_WHAT THIS TASK INVOLVES_: Transcribe the entries below with complete accuracy, excluding the pictures.

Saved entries
"""
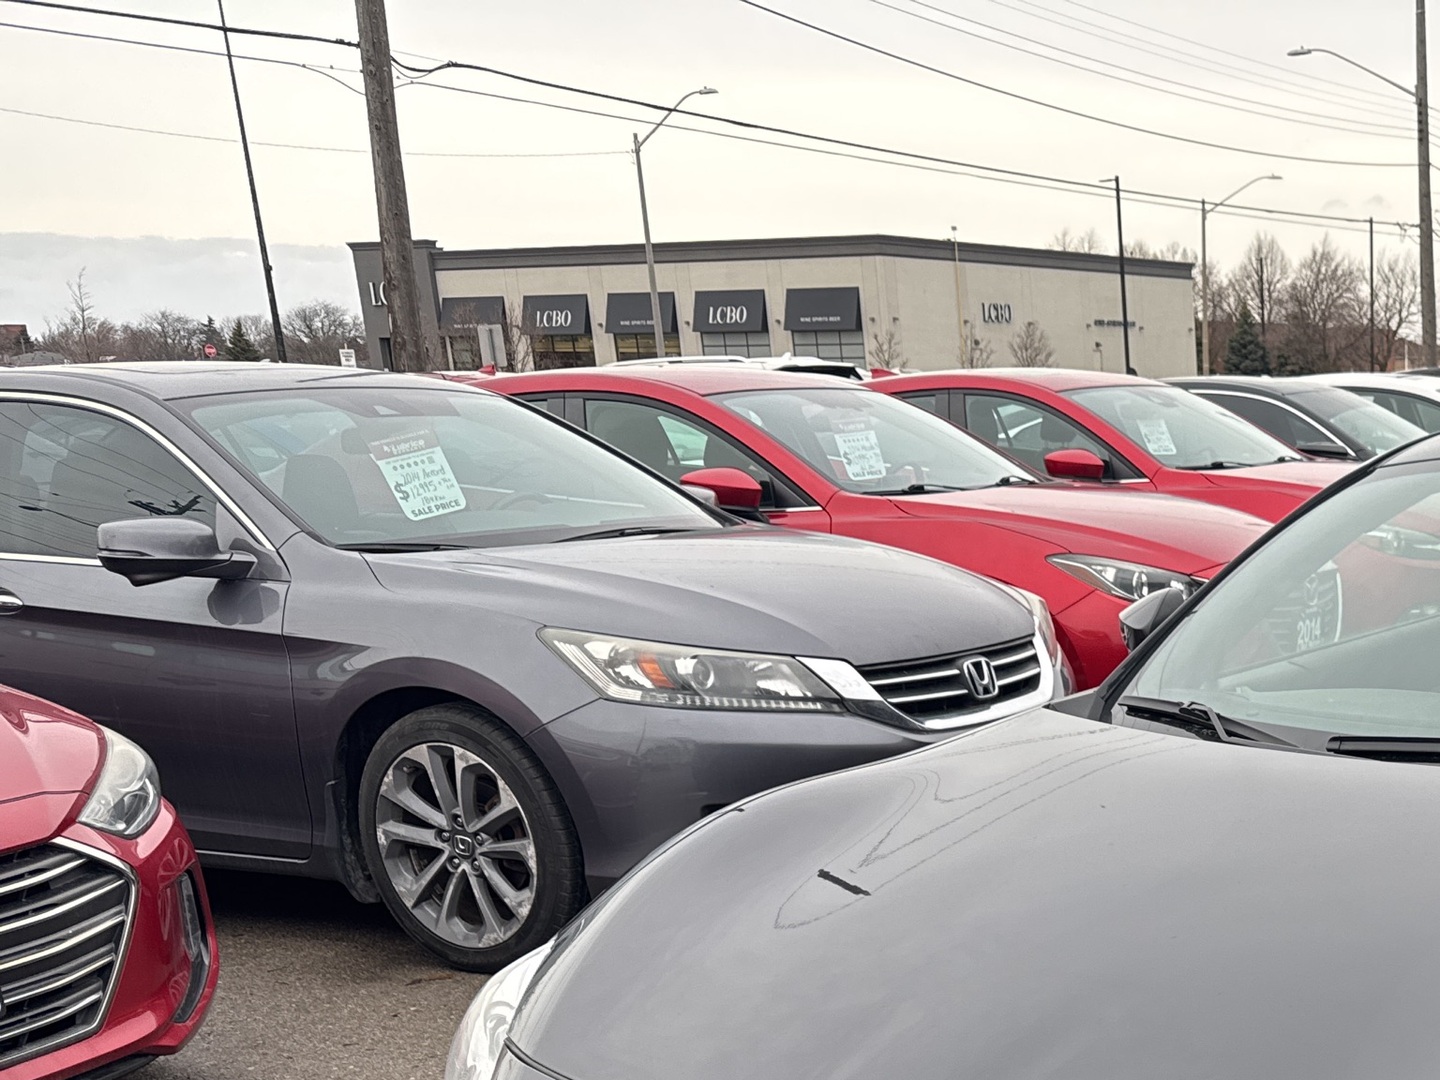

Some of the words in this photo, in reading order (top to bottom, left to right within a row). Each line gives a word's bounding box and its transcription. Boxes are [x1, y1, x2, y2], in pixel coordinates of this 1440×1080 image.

[536, 310, 571, 327] LCBO
[709, 306, 747, 324] LCBO
[982, 303, 1012, 323] LCBO
[411, 506, 434, 517] SALE
[434, 499, 461, 512] PRICE
[1297, 617, 1320, 644] 2014
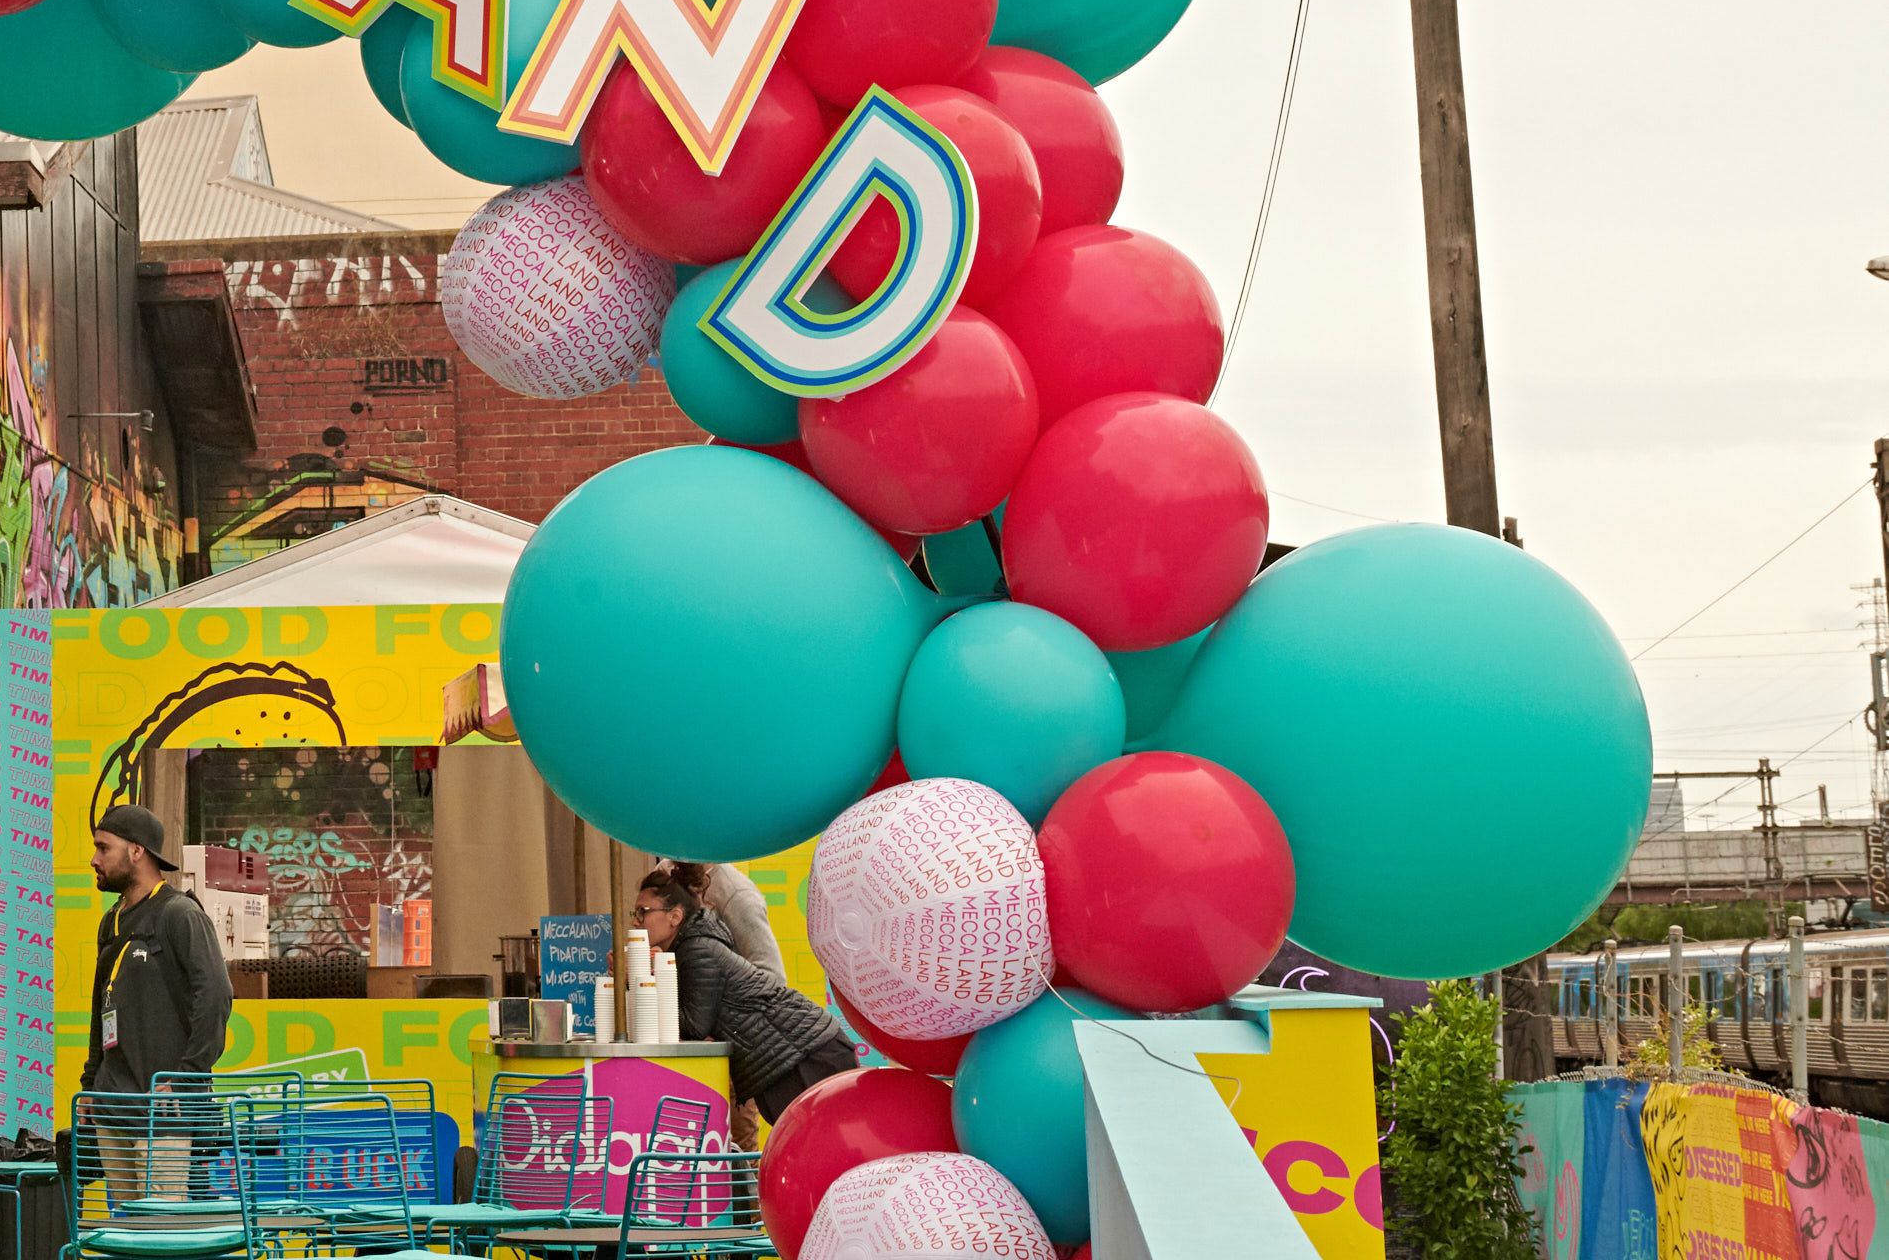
"""
_ANSWER TO THE PROBLEM_:
Some of the words in this photo, in reading order (top to bottom, left to right within a row). Each line gives a word's bounding box and its transcription. Boxes are [x1, y1, x2, y2], in pixel coordinates of this 1440×1080 image.

[536, 310, 571, 327] LCBO
[709, 306, 747, 324] LCBO
[982, 303, 1012, 323] LCBO
[411, 506, 434, 517] SALE
[434, 499, 461, 512] PRICE
[1297, 617, 1320, 644] 2014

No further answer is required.